Polyps are not always a sign of cancer. In a third of cases, neoplasms in the bladder do not pose a danger to the dog. But without appropriate treatment, they seriously worsen the pet’s condition.
Causes of the disease
Scientists do not yet fully understand the processes associated with the development of tumors in the body. And the reasons for the appearance of polyps are also not yet clear. But the most likely stimulus is considered to be exposure to carcinogenic substances contained in dog urine.
Also, a strong inflammatory process that affects the cells of internal organs can provoke oncological pathology.

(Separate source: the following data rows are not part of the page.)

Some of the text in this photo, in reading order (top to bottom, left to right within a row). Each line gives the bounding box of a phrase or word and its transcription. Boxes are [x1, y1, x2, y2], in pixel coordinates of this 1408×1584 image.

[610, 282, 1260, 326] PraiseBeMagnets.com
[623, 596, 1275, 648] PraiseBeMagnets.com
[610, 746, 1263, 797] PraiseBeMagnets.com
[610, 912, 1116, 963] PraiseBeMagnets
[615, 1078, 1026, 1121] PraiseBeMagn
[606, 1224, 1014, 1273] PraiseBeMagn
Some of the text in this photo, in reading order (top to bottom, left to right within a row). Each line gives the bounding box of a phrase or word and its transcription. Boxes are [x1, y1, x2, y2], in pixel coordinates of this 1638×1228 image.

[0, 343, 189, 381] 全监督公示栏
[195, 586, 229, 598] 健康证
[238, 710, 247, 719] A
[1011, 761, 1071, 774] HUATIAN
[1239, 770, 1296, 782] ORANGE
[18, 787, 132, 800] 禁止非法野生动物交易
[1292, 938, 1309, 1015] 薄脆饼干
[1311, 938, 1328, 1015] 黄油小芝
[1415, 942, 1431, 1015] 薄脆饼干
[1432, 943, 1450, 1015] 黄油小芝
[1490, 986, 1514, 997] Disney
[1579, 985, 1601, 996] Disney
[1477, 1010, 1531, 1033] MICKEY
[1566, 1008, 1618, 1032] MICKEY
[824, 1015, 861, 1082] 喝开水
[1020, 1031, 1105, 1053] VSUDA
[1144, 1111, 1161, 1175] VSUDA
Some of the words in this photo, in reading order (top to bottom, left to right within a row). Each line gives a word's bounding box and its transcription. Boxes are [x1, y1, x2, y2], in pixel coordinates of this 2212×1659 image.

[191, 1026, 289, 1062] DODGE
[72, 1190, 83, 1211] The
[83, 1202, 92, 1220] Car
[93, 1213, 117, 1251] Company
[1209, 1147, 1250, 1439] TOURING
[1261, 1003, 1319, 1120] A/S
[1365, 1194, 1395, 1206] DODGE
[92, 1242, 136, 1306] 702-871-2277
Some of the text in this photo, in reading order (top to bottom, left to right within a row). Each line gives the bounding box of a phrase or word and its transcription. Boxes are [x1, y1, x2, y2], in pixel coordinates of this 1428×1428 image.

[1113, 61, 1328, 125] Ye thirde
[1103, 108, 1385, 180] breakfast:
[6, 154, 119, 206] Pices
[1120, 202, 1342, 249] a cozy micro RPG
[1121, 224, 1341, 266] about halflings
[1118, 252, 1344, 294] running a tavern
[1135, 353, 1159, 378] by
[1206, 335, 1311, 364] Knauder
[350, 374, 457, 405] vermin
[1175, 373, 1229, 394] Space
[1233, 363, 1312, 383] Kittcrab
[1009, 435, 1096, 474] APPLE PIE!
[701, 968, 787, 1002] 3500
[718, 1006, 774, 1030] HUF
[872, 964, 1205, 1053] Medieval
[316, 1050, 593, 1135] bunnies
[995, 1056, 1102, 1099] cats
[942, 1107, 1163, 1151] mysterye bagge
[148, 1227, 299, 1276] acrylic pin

Which breeds are more susceptible
Due to the fact that female dogs urinate less often, they are more likely to develop polyps. This is especially true:
- Scottish shepherd dogs (collie);
- Scotch Terriers;
- West highland white Terriers;
- Fox Terriers.
According to statistics from veterinary clinics, cancer on average develops in dogs after 10 years of life.
The main symptoms
Small benign polyps usually do not cause specific symptoms. The owners learn about their existence by accident during the examination. But large tumors in the area of the urethra are the cause:
- The appearance of blood impurities in the urine. It is released during the formation of polyps of a tubular structure or as a result of a strong inflammatory process of the surrounding tissues.
- Reducing the volume or stopping urination. This symptom develops if the polyp partially or completely covers the urethra.
- Pollakiuria. In this case, the dog often releases the bladder from the liquid. At the same time, the volume of urine does not decrease.
Concomitant inflammatory processes lead to an increase in body temperature, anxiety or apathy of the pet, refusal to eat.
Diagnostics in the veterinary clinic
Symptoms characteristic of bladder cancer are non-specific. Similar manifestations occur for a variety of reasons. Therefore, a full examination will be performed at the veterinary clinic:
- The analysis of urine. It helps not only to determine whether the cause of symptoms is the activity of bacteria. Also, based on the results, the doctor will be able to prescribe suitable antibiotics if necessary. During cytological examination, in a third of cases, a specialist can detect tumor cells in the urine and make a preliminary diagnosis.
- X-ray. The polyps will not be visible in the image. But the veterinarian will find out if there are stones in the bladder, which also cause the dog to feel ill.
- Sedimentary cystography. A contrast agent is inserted into the bladder through a catheter and the organ is filled with oxygen. Then a picture is taken where you can see stones that are not displayed on the x-ray, and tumors.
- Ultrasound is one of the cheapest and easiest ways to see the presence of growths in the bladder. Also with the help of ultrasound is possible to control the sampling of tissue for biopsy for further diagnosis.
- The cystoscopy. A video camera on a thin tube helps to literally see the state of tissues and make a sample of polyps cells for research.
Not all clinics are equipped with a full set of necessary equipment. Therefore, it is likely that you will have to visit different specialists to clarify the diagnosis.
Treatment method and prognosis
Small benign formations doctors try not to touch to extend the life of the pet. But if necessary, one of the treatment regimens is implemented, including:
- partial or complete removal of the bladder;
- use of a catheter that removes urine through the abdominal wall, into the intestines or uterus.
Depending on the condition of the dog and the method of treatment used, the pet will live from 3 months to a year.
What to do at home
Polyps can’t be treated at home. All you can do is follow the doctor’s instructions, give medicines on time and carefully monitor the dog’s condition in order to return to the veterinary clinic in a timely manner.
A polyp, as a benign formation, can only lead to an overlap of the urethra and hydronephrosis. Also, tumors lead to secondary infection. If a dog develops cancer, the specifics of complications will dictate which organs will be affected by metastases.
While scientists can determine the causes of the development of tumors in dogs, it is impossible to offer effective preventive measures. All that the owner can do for the pet is to be regularly examined in the veterinary clinic.